The first is the problem of intergenerational liability. The people who would pay reparations — British taxpayers today, for example — are not the people who enslaved Africans and Caribbean labourers, and many of them are descendants of people who arrived in Britain long after slavery was abolished, or who actively campaigned against it. The people who would receive reparations are not the people who were enslaved. This is not an argument against reparations in principle — there are frameworks for thinking about collective and institutional responsibility that can accommodate intergenerational claims — but it is a genuine problem that requires a more sophisticated answer than “your nation benefited, therefore you owe.”
The second is the German analogy, which does not survive close examination. German reparations were paid to identifiable individuals who had themselves suffered specific crimes at the hands of a specific governmental apparatus, within a relatively short time after those crimes were committed, under a formal legal framework established by postwar treaty. The transatlantic slave trade ended in the nineteenth century; the mechanisms of perpetuation, the questions of which governments bear what share of responsibility, and the basis for calculating quantum are all orders of magnitude more complex.

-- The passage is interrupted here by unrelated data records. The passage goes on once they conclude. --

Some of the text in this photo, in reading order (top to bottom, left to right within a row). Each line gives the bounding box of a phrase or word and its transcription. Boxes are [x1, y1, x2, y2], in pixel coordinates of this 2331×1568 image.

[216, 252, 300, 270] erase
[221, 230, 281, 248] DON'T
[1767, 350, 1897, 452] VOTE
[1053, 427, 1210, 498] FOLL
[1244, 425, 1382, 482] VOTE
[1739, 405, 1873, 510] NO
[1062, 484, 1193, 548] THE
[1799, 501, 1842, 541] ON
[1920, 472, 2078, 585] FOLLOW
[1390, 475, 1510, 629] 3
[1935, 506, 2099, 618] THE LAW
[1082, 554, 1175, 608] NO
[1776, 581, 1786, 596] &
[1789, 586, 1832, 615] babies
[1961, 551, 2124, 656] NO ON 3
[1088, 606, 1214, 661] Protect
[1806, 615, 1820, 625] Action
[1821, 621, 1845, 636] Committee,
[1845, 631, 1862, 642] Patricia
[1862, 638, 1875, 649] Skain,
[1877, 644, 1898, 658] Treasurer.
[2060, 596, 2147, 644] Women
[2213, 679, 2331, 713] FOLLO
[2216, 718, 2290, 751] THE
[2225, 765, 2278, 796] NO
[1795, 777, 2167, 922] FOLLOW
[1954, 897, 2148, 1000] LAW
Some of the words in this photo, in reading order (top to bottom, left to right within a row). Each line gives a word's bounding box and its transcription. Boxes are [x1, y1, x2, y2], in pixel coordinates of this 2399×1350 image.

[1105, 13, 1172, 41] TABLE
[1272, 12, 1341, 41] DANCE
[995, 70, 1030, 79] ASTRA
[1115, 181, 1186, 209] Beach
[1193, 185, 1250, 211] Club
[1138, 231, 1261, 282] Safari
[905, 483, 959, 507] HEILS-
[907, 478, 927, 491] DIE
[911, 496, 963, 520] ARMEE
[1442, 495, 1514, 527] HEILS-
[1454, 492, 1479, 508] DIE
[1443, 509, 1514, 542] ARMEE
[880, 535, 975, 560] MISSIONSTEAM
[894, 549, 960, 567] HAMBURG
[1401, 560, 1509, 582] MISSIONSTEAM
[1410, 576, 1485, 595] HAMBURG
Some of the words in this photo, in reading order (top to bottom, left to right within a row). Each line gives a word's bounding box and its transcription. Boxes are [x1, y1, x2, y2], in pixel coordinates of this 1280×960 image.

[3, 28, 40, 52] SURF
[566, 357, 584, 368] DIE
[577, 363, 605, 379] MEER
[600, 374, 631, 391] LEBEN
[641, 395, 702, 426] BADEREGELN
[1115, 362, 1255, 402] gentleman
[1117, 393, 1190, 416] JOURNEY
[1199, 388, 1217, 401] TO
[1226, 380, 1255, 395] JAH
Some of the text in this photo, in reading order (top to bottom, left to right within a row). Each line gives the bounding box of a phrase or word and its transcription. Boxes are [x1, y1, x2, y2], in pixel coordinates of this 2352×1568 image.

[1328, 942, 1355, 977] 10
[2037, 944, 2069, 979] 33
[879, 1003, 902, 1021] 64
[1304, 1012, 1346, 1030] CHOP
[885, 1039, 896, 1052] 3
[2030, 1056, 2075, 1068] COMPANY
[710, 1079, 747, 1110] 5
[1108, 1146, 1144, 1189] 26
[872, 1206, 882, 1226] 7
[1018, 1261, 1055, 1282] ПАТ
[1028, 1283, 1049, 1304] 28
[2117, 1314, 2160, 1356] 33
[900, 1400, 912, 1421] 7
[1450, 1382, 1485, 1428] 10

The third is the political economy of the states most affected. The Barbados manifesto deserves serious engagement, not dismissal — Barbados’s economy has structural characteristics that genuinely reflect the post-slavery condition of the sugar island economies. But the reparations frame, if it leads to large financial transfers to Caribbean governments, creates questions about accountability, governance, and whether the transfers would reach the descendants of the enslaved or simply recapitalise state bureaucracies.
None of this settles the question against reparations. It does suggest that the binary framing — pay up or admit you are defending slavery — is not a serious policy framework, and that the movement would be better served by advocates who engage with these problems honestly rather than treating them as bad-faith obstruction.
What to watch
- European government responses: Whether any European government moves from expressions of “regret” to formal apology language in the near term will be a significant signal; the UK government’s position under the current Labour administration will be closely watched.
- CARICOM solidarity: Whether the Caribbean Community moves toward a collective negotiating position, rather than individual countries acting independently, will determine how much diplomatic leverage the reparations push can generate.
- African Union positioning: Whether the AU formally endorses the Ghana conference’s call and presents a unified African position will affect the geopolitical weight of the demand.
- Domestic politics in the UK: Any reparations discussion will immediately become entangled in UK party politics, immigration debates, and the ongoing negotiations about Britain’s post-Brexit international identity; watch how the Labour government navigates this.